In Kenya, this percentage is 70.2.
The future of spending
The report titled Gen Z: The Future of Spending says that overall, social media is important in driving the spending activity of zoomers which ropes in the undisputable role influencers have today for businesses.
As such, if one user (influencer) rates a product positively, Gen Z is likely to purchase. “In particular, Gen Zs in emerging economies are strikingly likely to stress the importance of rating and review sites as influential in their spending decisions,” the report reads in part.
It adds that indeed, in most countries, Gen Zs are more likely to look to these sites for information than to consult friends or families. “In Kenya, 44 per cent of Gen Zs trust ratings and reviews, more than twice as many as those who cite friends or families; in the Philippines, 43 per cent of Gen Zs agree,” the report adds.
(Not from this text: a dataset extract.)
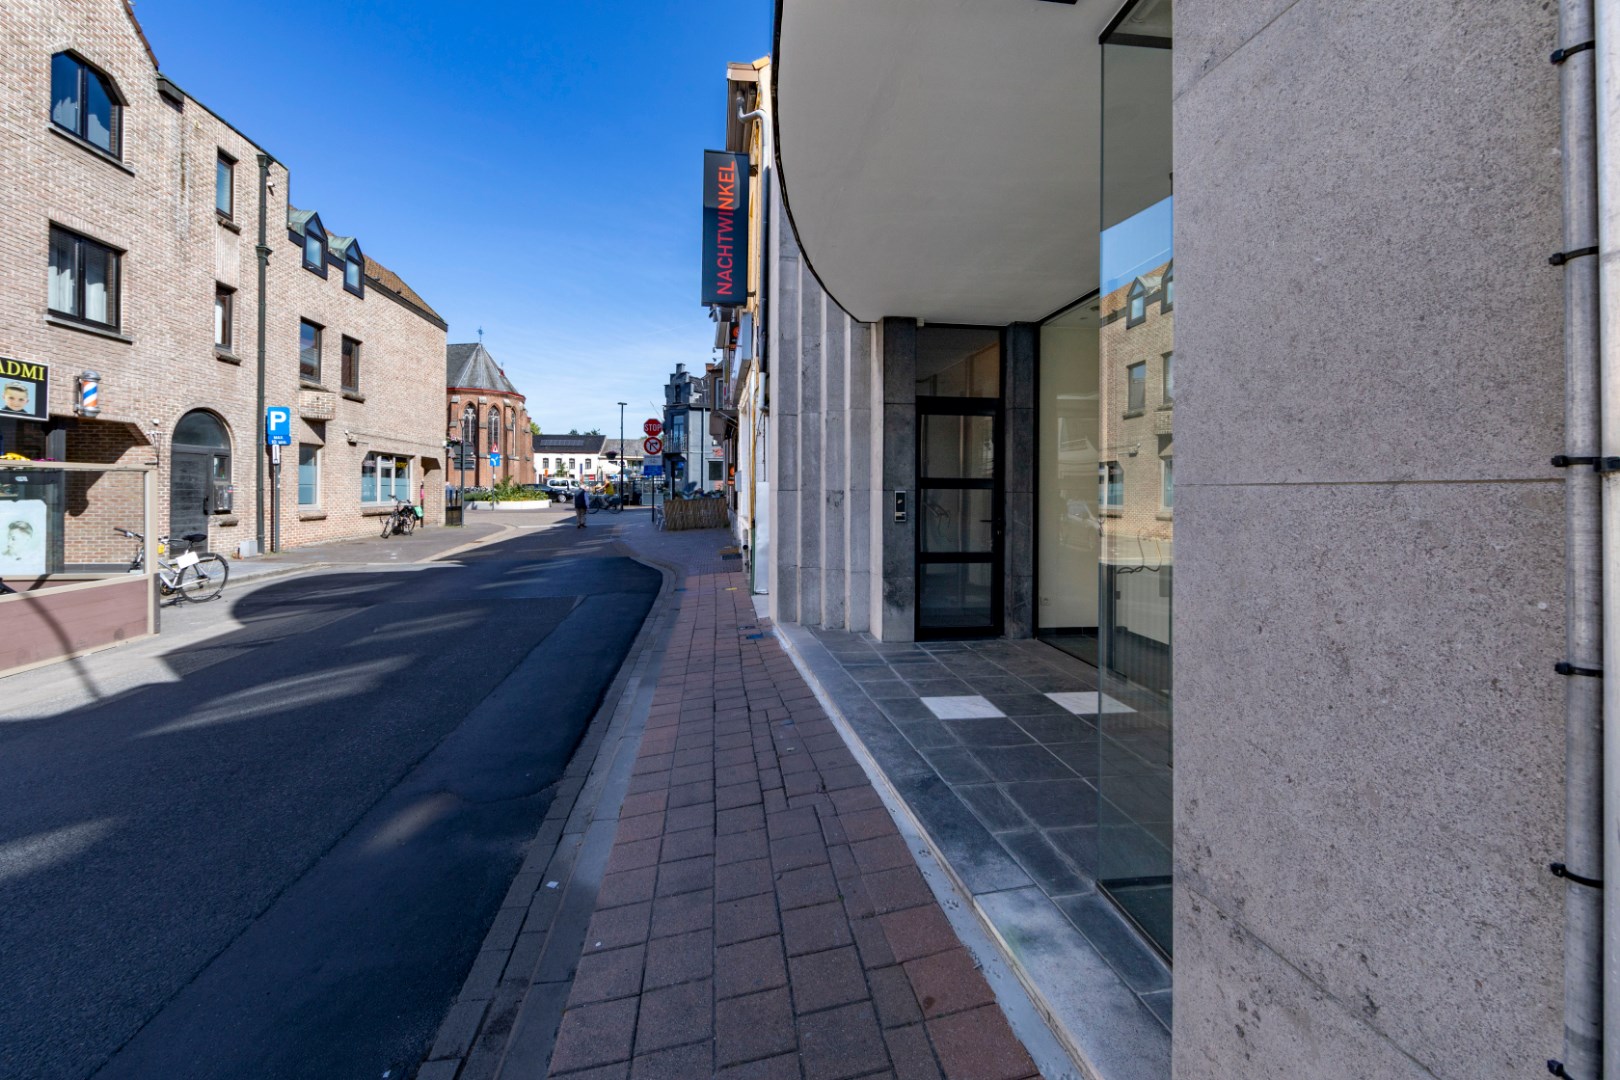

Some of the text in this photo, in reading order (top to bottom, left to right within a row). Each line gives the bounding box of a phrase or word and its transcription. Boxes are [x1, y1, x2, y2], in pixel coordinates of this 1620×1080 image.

[717, 160, 735, 295] NACHTWINKEL
[270, 411, 287, 431] P
[644, 423, 662, 431] STOP
Thunes says in the report that social media provides an ongoing source of inspiration for this generation as they think about how to spend their money.
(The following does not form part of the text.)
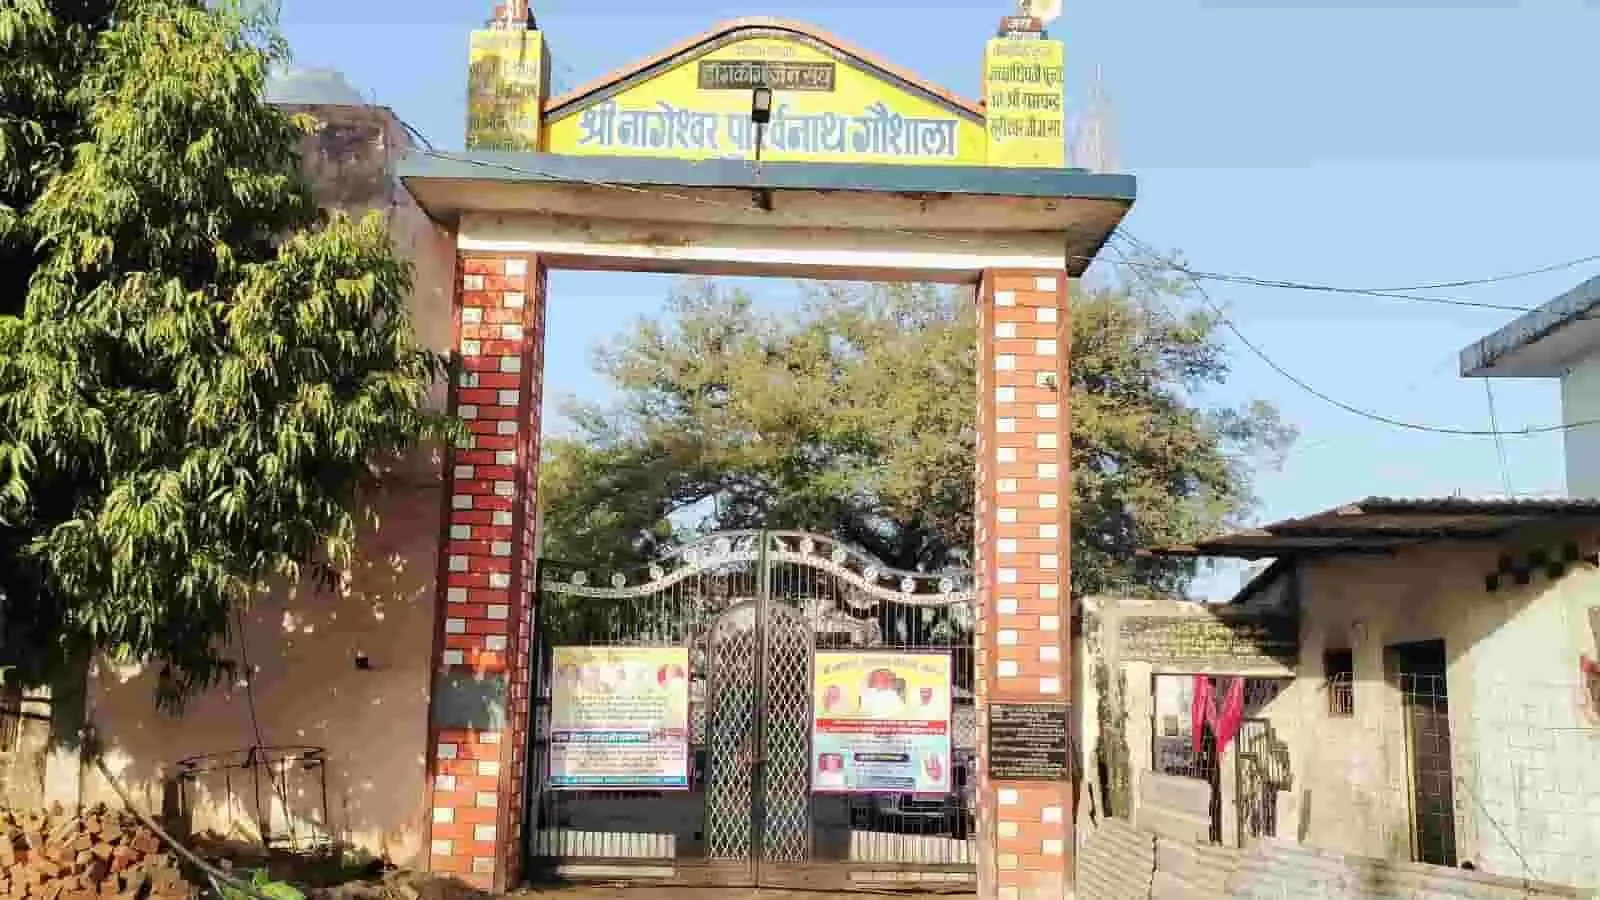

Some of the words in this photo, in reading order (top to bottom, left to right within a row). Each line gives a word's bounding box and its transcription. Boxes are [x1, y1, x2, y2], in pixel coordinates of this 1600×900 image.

[577, 101, 616, 146] श्री
[618, 100, 718, 150] नागेश्वर
[852, 101, 958, 156] गौशाला
“The verdict of online analysts is considered more important as Gen Zs ponder those purchases than the views of their nearest and dearest,” Thunes adds in the report.
When this question was posed: “When deciding on what to buy online, which factor is most important for you?” Ratings and reviews topped at 30.2 per cent.
This was followed by recommendations from someone they follow on social media (29.2 per cent) and price (discounts and promotions) coming third and influencing at 12.4 per cent.
“Digital ads I saw about this product” and “offline ads I saw on television or billboards” were the last two on the list at 4.6 and 2.8 per cent respectively.
Social media junkies
The report says Gen Zs are voracious consumers of social media, particularly in emerging economies.
“In Kenya and Nigeria, for example, 96 and 92 per cent of Gen Zs respectively say they use social media on multiple occasions throughout the day.”
Thunes chief executive Peter De Caluwe says that his firm believes that every business needs to understand how its audience’s preferences are changing so that it can cater to those changing needs.
“And the growing economic impact of zoomers makes it imperative to work out what they want,” he says in a statement accompanying the report.
He references research from the Bank of America that suggests that worldwide, Gen Z’s income will grow by 400 per cent over the coming years to reach $33 trillion by 2030. “By then, this group will hold more than a quarter of global income, and their spending power will surpass that of millennials – the generation that preceded them – in 2031,” he adds.
That power, he says, will be concentrated in certain parts of the world as nine in ten zoomers live in emerging markets as the Bank of America’s research reveals.
A fifth of this generation lives in one single country – India.
“These trends raise important questions for every business. What makes Gen Z tick? How will they decide where to spend their growing income? Who will have an influence on those decisions?” he poses.
The report by Thunes notes that 19 per cent of zoomers in emerging markets spend their money on retail shopping.
“The figure is highest in the Philippines, where shopping accounts for almost a quarter (24 per cent) of spending, followed closely by Kenya (24 per cent),” the report says.
Essential items like groceries are at the top of their shopping list.
Other expenditures are eating out, entertainment subscriptions like Netflix and Spotify, and going to events and other forms of entertainment.
“But it would be wrong to think of Gen Z as purely hedonistic - respondents across the emerging markets in this survey spend an average of almost 10 per cent of their money on health and wellbeing – in Pakistan, the figure is almost 16 per cent,” the report says.